→ **About this task**: Exclude any images and output the remaining records exactly.

→ **Dataset entries**:

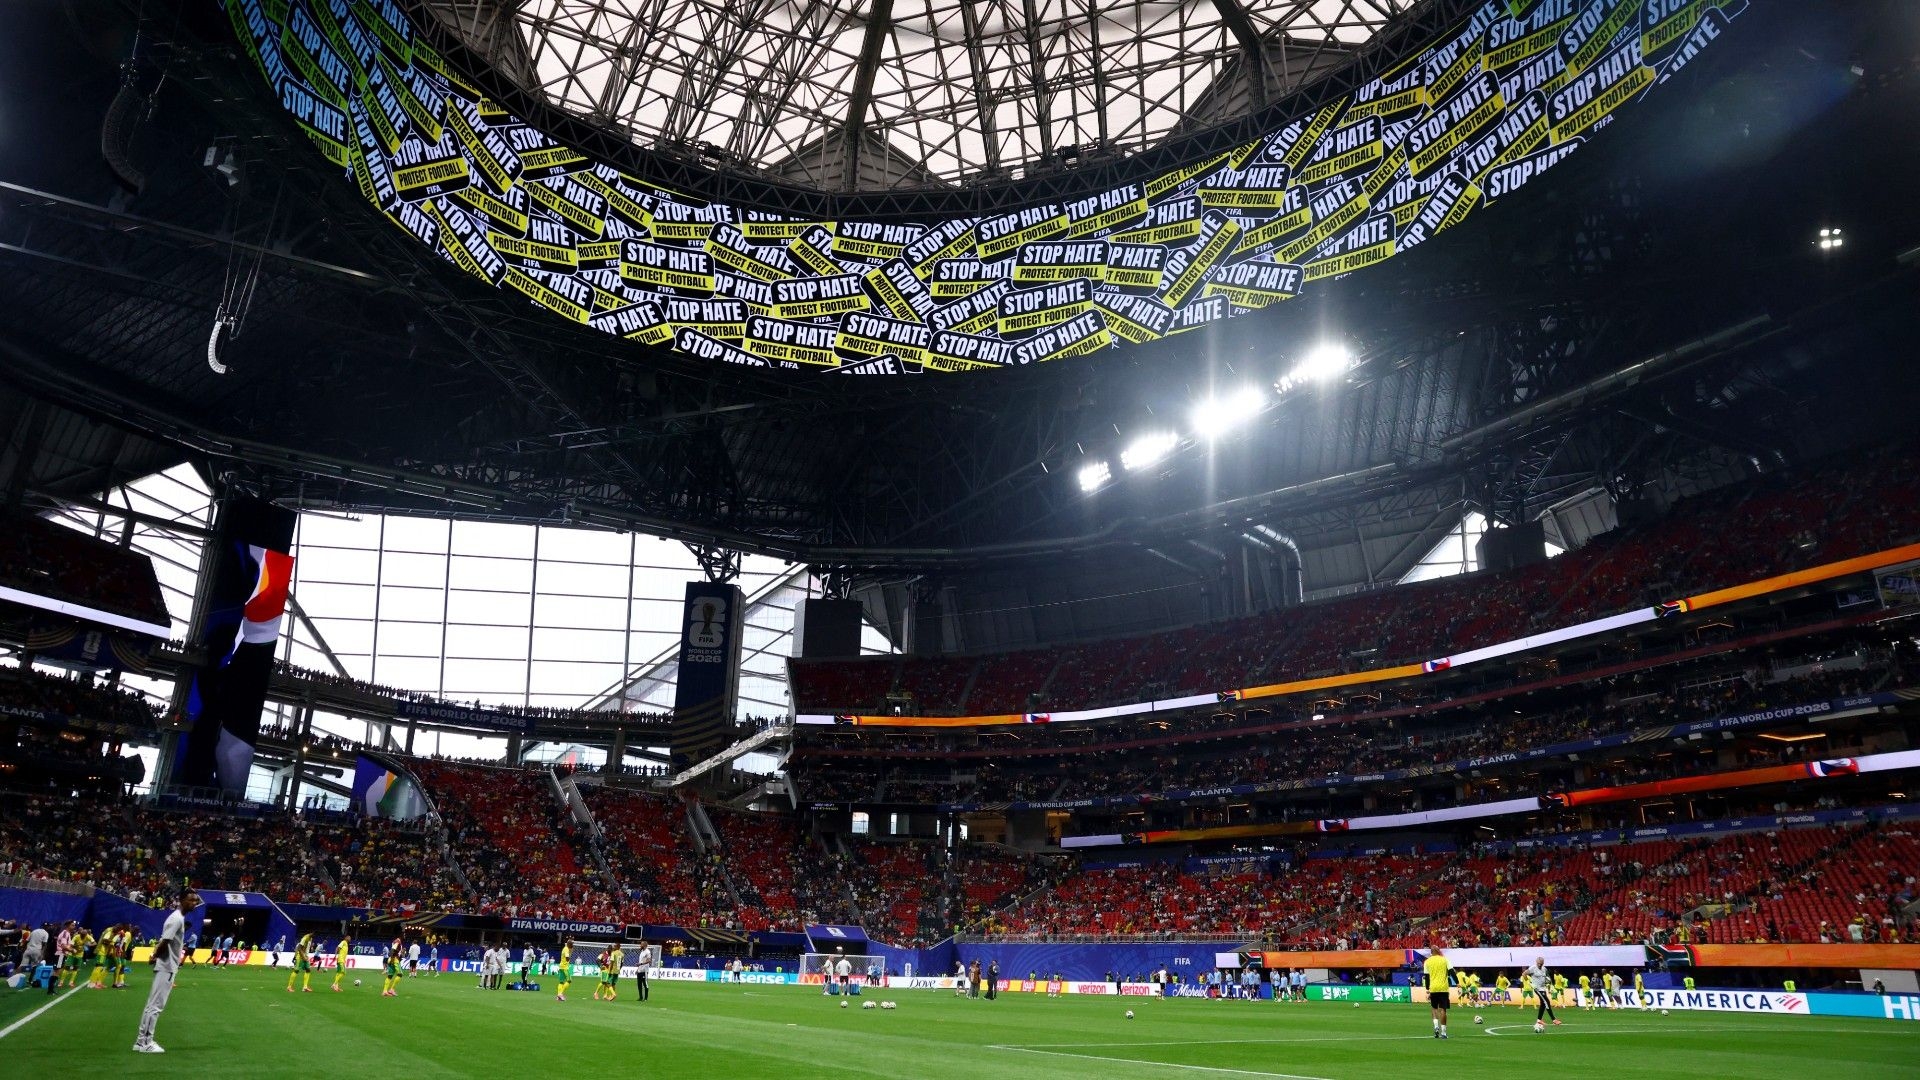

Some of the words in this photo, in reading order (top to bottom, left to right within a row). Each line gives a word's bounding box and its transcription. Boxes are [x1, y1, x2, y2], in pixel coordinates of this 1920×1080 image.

[1564, 4, 1603, 54] STOP
[1610, 25, 1631, 48] FIFA
[292, 8, 320, 55] STOP
[318, 44, 350, 94] HATE
[342, 16, 372, 67] HATE
[1418, 48, 1437, 64] FIFA
[1488, 43, 1526, 68] PROTECT
[435, 73, 450, 87] FIFA
[1553, 77, 1597, 120] STOP
[1598, 36, 1642, 91] HATE
[411, 72, 444, 120] HATE
[1377, 92, 1418, 114] FOOTBALL
[1558, 104, 1598, 141] PROTECT
[1600, 70, 1647, 113] FOOTBALL
[283, 82, 313, 121] STOP
[314, 100, 345, 141] HATE
[377, 83, 407, 134] HATE
[1409, 109, 1450, 153] STOP
[1452, 76, 1493, 123] HATE
[1455, 101, 1498, 137] FOOTBALL
[1498, 96, 1542, 147] HATE
[1593, 114, 1614, 133] FIFA
[456, 97, 489, 133] STOP
[483, 130, 520, 174] HATE
[510, 127, 544, 151] STOP
[1268, 120, 1303, 160] STOP
[1336, 119, 1375, 154] HATE
[1334, 147, 1376, 171] FOOTBALL
[1451, 141, 1469, 157] FIFA
[366, 151, 395, 203] HATE
[429, 164, 463, 180] FOOTBALL
[549, 166, 566, 175] FIFA
[1245, 167, 1285, 188] HATE
[1326, 174, 1344, 185] FIFA
[1490, 158, 1532, 197] STOP
[427, 185, 442, 194] FIFA
[654, 190, 672, 200] FIFA
[1099, 184, 1139, 206] HATE
[1177, 178, 1196, 190] FIFA
[564, 180, 604, 216] HATE
[1237, 193, 1277, 205] FOOTBALL
[1313, 183, 1356, 220] HATE
[1421, 180, 1463, 229] HATE
[399, 201, 437, 246] HATE
[474, 208, 490, 223] FIFA
[482, 198, 520, 227] FOOTBALL
[546, 209, 564, 222] FIFA
[558, 200, 597, 230] FOOTBALL
[981, 216, 1019, 241] STOP
[1020, 204, 1060, 229] HATE
[1100, 204, 1141, 224] FOOTBALL
[1157, 199, 1195, 225] HATE
[532, 218, 570, 246] HATE
[842, 221, 882, 241] STOP
[883, 224, 923, 244] HATE
[984, 236, 1021, 254] PROTECT
[1021, 220, 1062, 243] FOOTBALL
[1094, 227, 1112, 238] FIFA
[1153, 222, 1195, 240] FOOTBALL
[1347, 218, 1388, 250] HATE
[464, 229, 503, 278] HATE
[494, 236, 529, 254] PROTECT
[530, 245, 571, 263] FOOTBALL
[627, 242, 667, 266] STOP
[669, 249, 708, 273] HATE
[908, 231, 944, 263] STOP
[1024, 245, 1063, 264] STOP
[1064, 244, 1104, 263] HATE
[1121, 249, 1160, 268] HATE
[523, 259, 541, 269] FIFA
[755, 246, 794, 273] HATE
[866, 257, 884, 265] FIFA
[940, 261, 978, 279] STOP
[627, 266, 663, 282] PROTECT
[666, 273, 708, 289] FOOTBALL
[886, 261, 922, 296] STOP
[1020, 267, 1057, 278] PROTECT
[1057, 266, 1099, 278] FOOTBALL
[1114, 270, 1154, 284] FOOTBALL
[1216, 264, 1255, 285] STOP
[1256, 266, 1299, 291] HATE
[549, 272, 590, 306] HATE
[657, 286, 676, 295] FIFA
[778, 280, 818, 301] STOP
[820, 276, 860, 297] HATE
[1004, 293, 1044, 315] STOP
[1046, 282, 1085, 303] HATE
[1103, 285, 1120, 293] FIFA
[702, 302, 743, 321] HATE
[780, 304, 818, 317] PROTECT
[820, 298, 863, 312] FOOTBALL
[932, 299, 975, 330] STOP
[814, 316, 832, 324] FIFA
[850, 315, 888, 338] STOP
[889, 322, 930, 347] HATE
[752, 319, 794, 342] STOP
[795, 326, 835, 348] HATE
[842, 336, 879, 354] PROTECT
[1016, 332, 1057, 365] STOP
[1059, 312, 1099, 345] HATE
[681, 331, 722, 364] STOP
[750, 341, 788, 358] PROTECT
[790, 348, 834, 364] FOOTBALL
[936, 334, 976, 358] STOP
[780, 360, 799, 370] FIFA
[687, 655, 722, 663] 2026
[405, 704, 427, 715] FIFA
[430, 708, 468, 721] WORLD
[469, 712, 490, 723] CUP
[491, 715, 528, 728] 2026
[1719, 717, 1739, 727] FIFA
[1740, 711, 1773, 725] WORLD
[1774, 708, 1793, 718] CUP
[1795, 702, 1831, 715] 2026
[1189, 787, 1233, 797] ATLANTA
[1028, 801, 1042, 809] FIFA
[1042, 800, 1063, 808] WORLD
[511, 919, 532, 929] FIFA
[534, 921, 568, 931] WORLD
[569, 924, 588, 932] CUP
[1175, 957, 1191, 965] FIFA
[721, 970, 785, 985] Hsense
[909, 978, 936, 989] Dove
[1078, 983, 1107, 994] verizon
[1121, 984, 1150, 995] verizon
[1672, 992, 1773, 1010] AMERICA
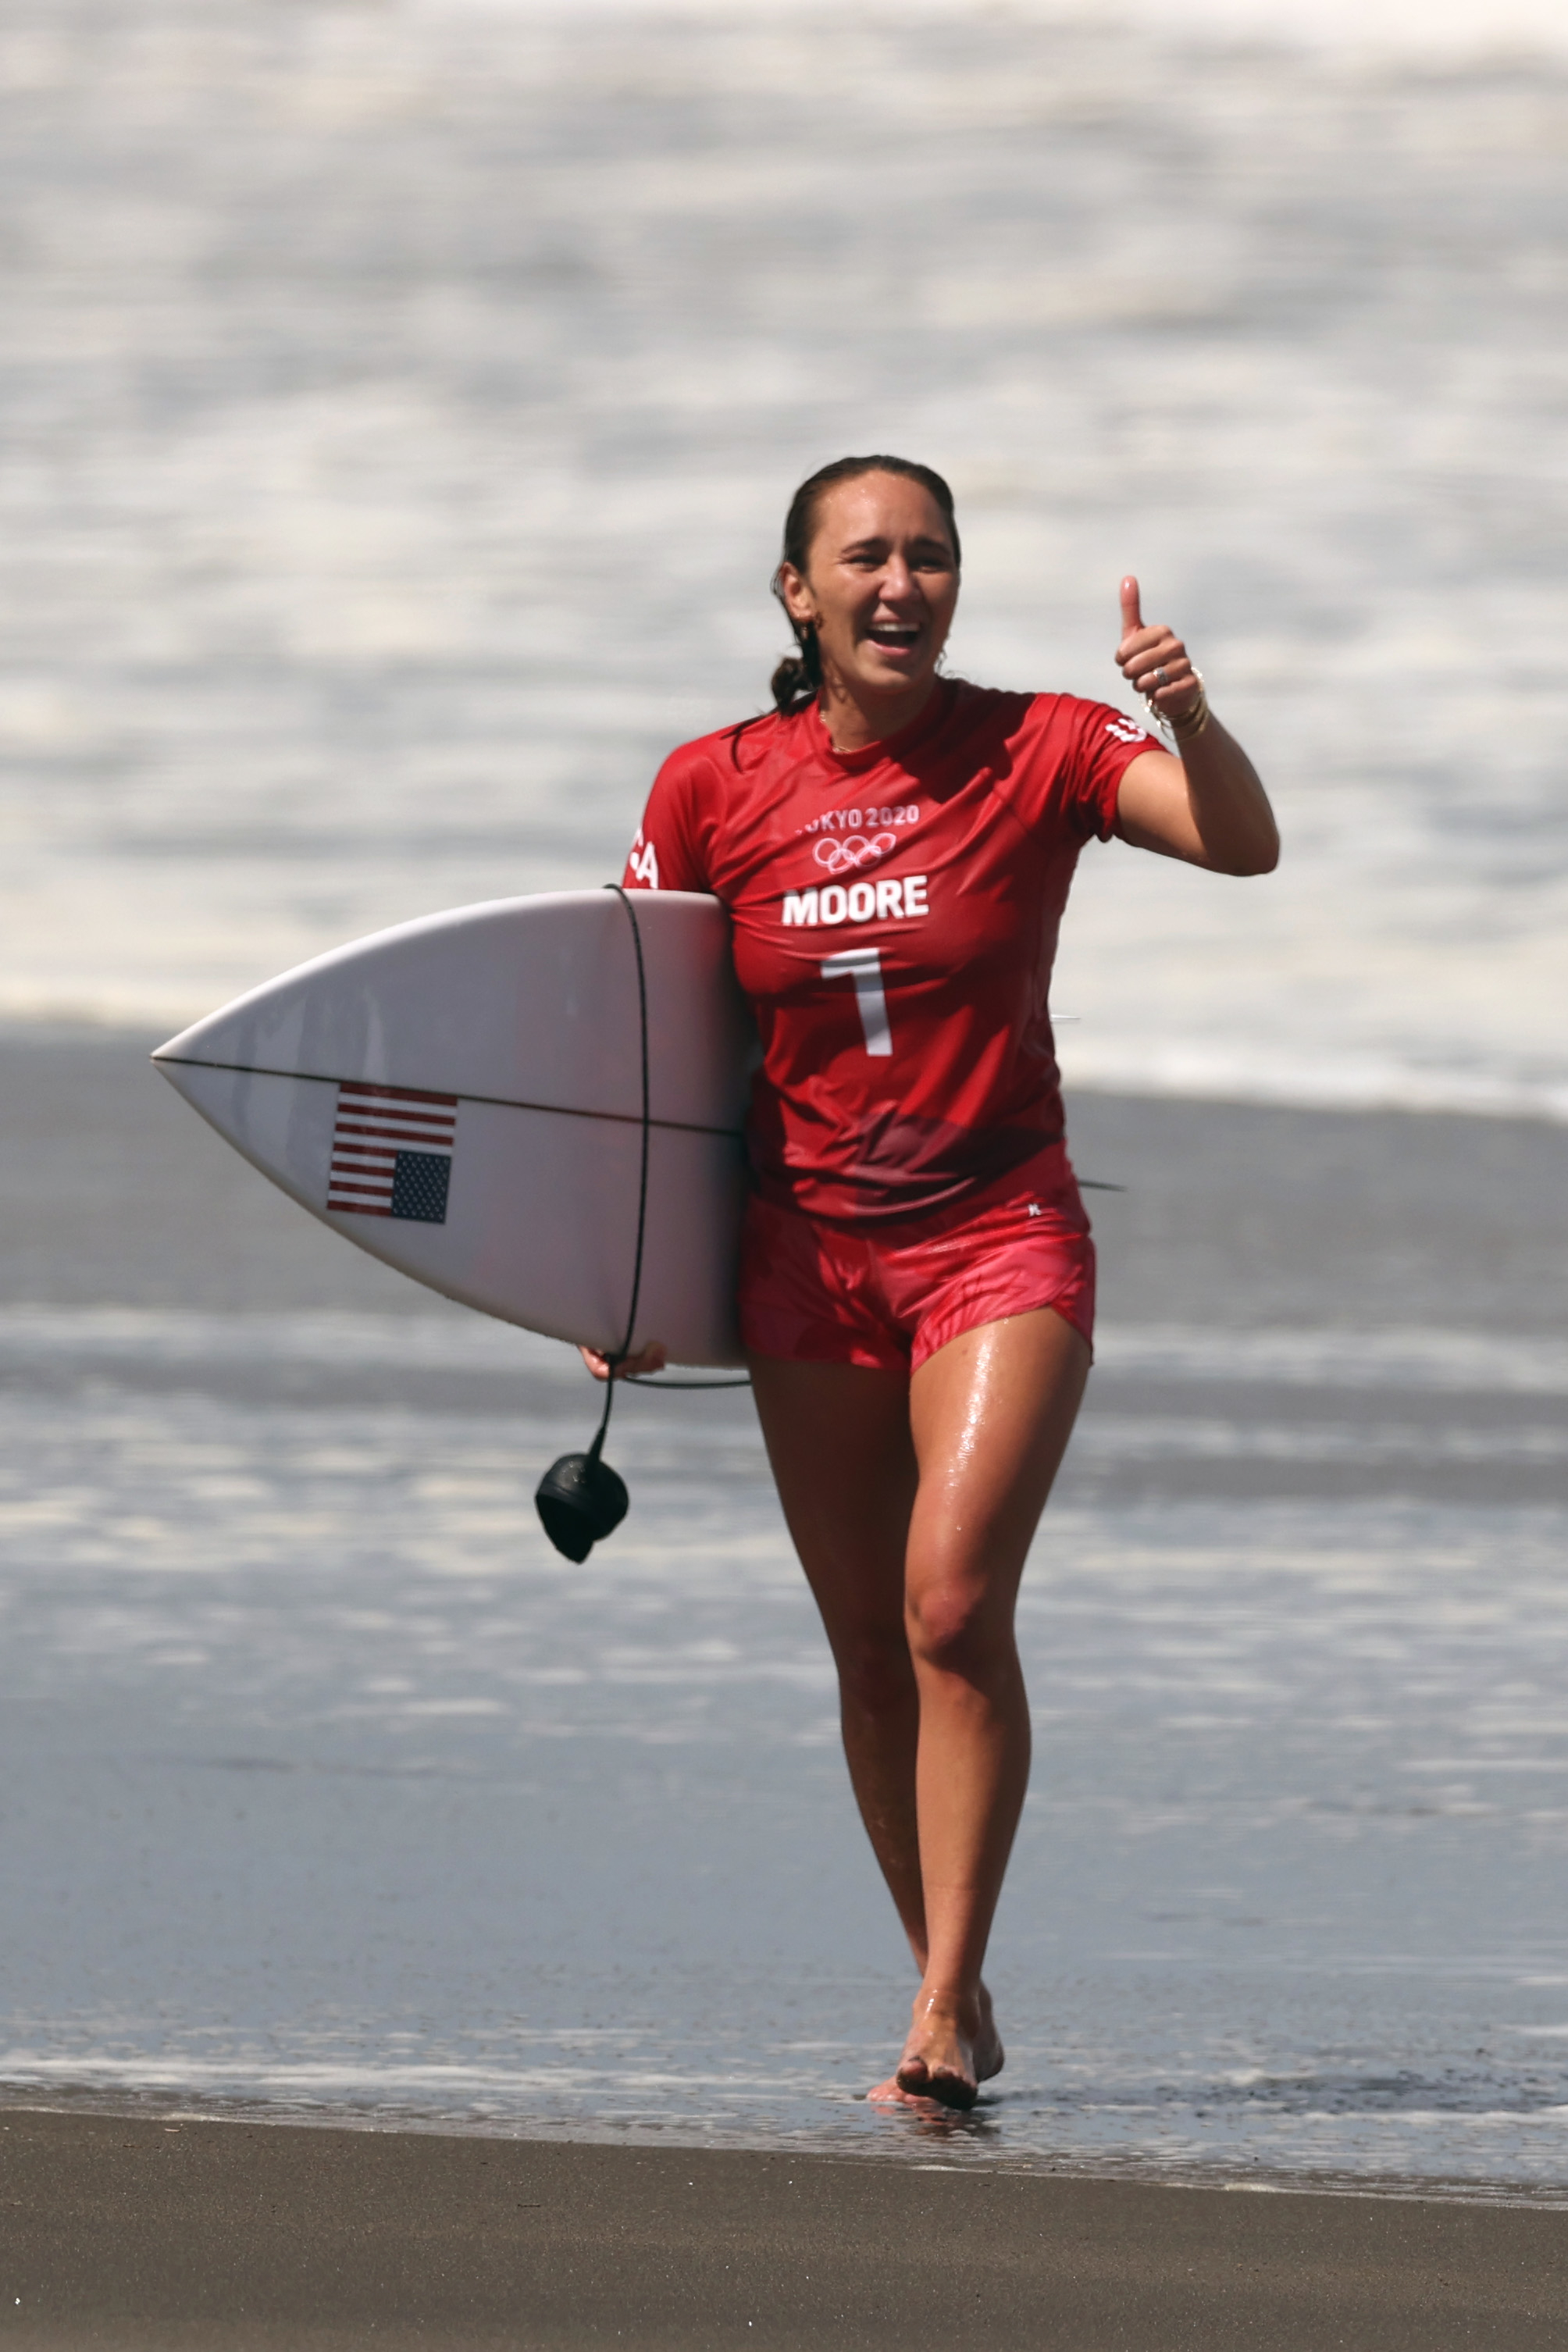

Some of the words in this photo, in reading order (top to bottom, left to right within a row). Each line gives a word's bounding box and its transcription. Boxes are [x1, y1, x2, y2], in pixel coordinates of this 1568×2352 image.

[795, 809, 861, 834] KYO
[865, 804, 920, 828] 2020
[782, 875, 928, 925] MOORE

→ **Task result**:
Some of the words in this photo, in reading order (top to bottom, left to right within a row). Each line gives a word's bounding box and its transcription. Boxes are [x1, y1, x2, y2], in pixel coordinates of this 1920×1080 image.

[1564, 4, 1603, 54] STOP
[1610, 25, 1631, 48] FIFA
[292, 8, 320, 55] STOP
[318, 44, 350, 94] HATE
[342, 16, 372, 67] HATE
[1418, 48, 1437, 64] FIFA
[1488, 43, 1526, 68] PROTECT
[435, 73, 450, 87] FIFA
[1553, 77, 1597, 120] STOP
[1598, 36, 1642, 91] HATE
[411, 72, 444, 120] HATE
[1377, 92, 1418, 114] FOOTBALL
[1558, 104, 1598, 141] PROTECT
[1600, 70, 1647, 113] FOOTBALL
[283, 82, 313, 121] STOP
[314, 100, 345, 141] HATE
[377, 83, 407, 134] HATE
[1409, 109, 1450, 153] STOP
[1452, 76, 1493, 123] HATE
[1455, 101, 1498, 137] FOOTBALL
[1498, 96, 1542, 147] HATE
[1593, 114, 1614, 133] FIFA
[456, 97, 489, 133] STOP
[483, 130, 520, 174] HATE
[510, 127, 544, 151] STOP
[1268, 120, 1303, 160] STOP
[1336, 119, 1375, 154] HATE
[1334, 147, 1376, 171] FOOTBALL
[1451, 141, 1469, 157] FIFA
[366, 151, 395, 203] HATE
[429, 164, 463, 180] FOOTBALL
[549, 166, 566, 175] FIFA
[1245, 167, 1285, 188] HATE
[1326, 174, 1344, 185] FIFA
[1490, 158, 1532, 197] STOP
[427, 185, 442, 194] FIFA
[654, 190, 672, 200] FIFA
[1099, 184, 1139, 206] HATE
[1177, 178, 1196, 190] FIFA
[564, 180, 604, 216] HATE
[1237, 193, 1277, 205] FOOTBALL
[1313, 183, 1356, 220] HATE
[1421, 180, 1463, 229] HATE
[399, 201, 437, 246] HATE
[474, 208, 490, 223] FIFA
[482, 198, 520, 227] FOOTBALL
[546, 209, 564, 222] FIFA
[558, 200, 597, 230] FOOTBALL
[981, 216, 1019, 241] STOP
[1020, 204, 1060, 229] HATE
[1100, 204, 1141, 224] FOOTBALL
[1157, 199, 1195, 225] HATE
[532, 218, 570, 246] HATE
[842, 221, 882, 241] STOP
[883, 224, 923, 244] HATE
[984, 236, 1021, 254] PROTECT
[1021, 220, 1062, 243] FOOTBALL
[1094, 227, 1112, 238] FIFA
[1153, 222, 1195, 240] FOOTBALL
[1347, 218, 1388, 250] HATE
[464, 229, 503, 278] HATE
[494, 236, 529, 254] PROTECT
[530, 245, 571, 263] FOOTBALL
[627, 242, 667, 266] STOP
[669, 249, 708, 273] HATE
[908, 231, 944, 263] STOP
[1024, 245, 1063, 264] STOP
[1064, 244, 1104, 263] HATE
[1121, 249, 1160, 268] HATE
[523, 259, 541, 269] FIFA
[755, 246, 794, 273] HATE
[866, 257, 884, 265] FIFA
[940, 261, 978, 279] STOP
[627, 266, 663, 282] PROTECT
[666, 273, 708, 289] FOOTBALL
[886, 261, 922, 296] STOP
[1020, 267, 1057, 278] PROTECT
[1057, 266, 1099, 278] FOOTBALL
[1114, 270, 1154, 284] FOOTBALL
[1216, 264, 1255, 285] STOP
[1256, 266, 1299, 291] HATE
[549, 272, 590, 306] HATE
[657, 286, 676, 295] FIFA
[778, 280, 818, 301] STOP
[820, 276, 860, 297] HATE
[1004, 293, 1044, 315] STOP
[1046, 282, 1085, 303] HATE
[1103, 285, 1120, 293] FIFA
[702, 302, 743, 321] HATE
[780, 304, 818, 317] PROTECT
[820, 298, 863, 312] FOOTBALL
[932, 299, 975, 330] STOP
[814, 316, 832, 324] FIFA
[850, 315, 888, 338] STOP
[889, 322, 930, 347] HATE
[752, 319, 794, 342] STOP
[795, 326, 835, 348] HATE
[842, 336, 879, 354] PROTECT
[1016, 332, 1057, 365] STOP
[1059, 312, 1099, 345] HATE
[681, 331, 722, 364] STOP
[750, 341, 788, 358] PROTECT
[790, 348, 834, 364] FOOTBALL
[936, 334, 976, 358] STOP
[780, 360, 799, 370] FIFA
[687, 655, 722, 663] 2026
[405, 704, 427, 715] FIFA
[430, 708, 468, 721] WORLD
[469, 712, 490, 723] CUP
[491, 715, 528, 728] 2026
[1719, 717, 1739, 727] FIFA
[1740, 711, 1773, 725] WORLD
[1774, 708, 1793, 718] CUP
[1795, 702, 1831, 715] 2026
[1189, 787, 1233, 797] ATLANTA
[1028, 801, 1042, 809] FIFA
[1042, 800, 1063, 808] WORLD
[511, 919, 532, 929] FIFA
[534, 921, 568, 931] WORLD
[569, 924, 588, 932] CUP
[1175, 957, 1191, 965] FIFA
[721, 970, 785, 985] Hsense
[909, 978, 936, 989] Dove
[1078, 983, 1107, 994] verizon
[1121, 984, 1150, 995] verizon
[1672, 992, 1773, 1010] AMERICA

Some of the words in this photo, in reading order (top to bottom, left to right within a row). Each line gives a word's bounding box and its transcription. Boxes are [x1, y1, x2, y2], in pixel coordinates of this 1568×2352 image.

[795, 809, 861, 834] KYO
[865, 804, 920, 828] 2020
[782, 875, 928, 925] MOORE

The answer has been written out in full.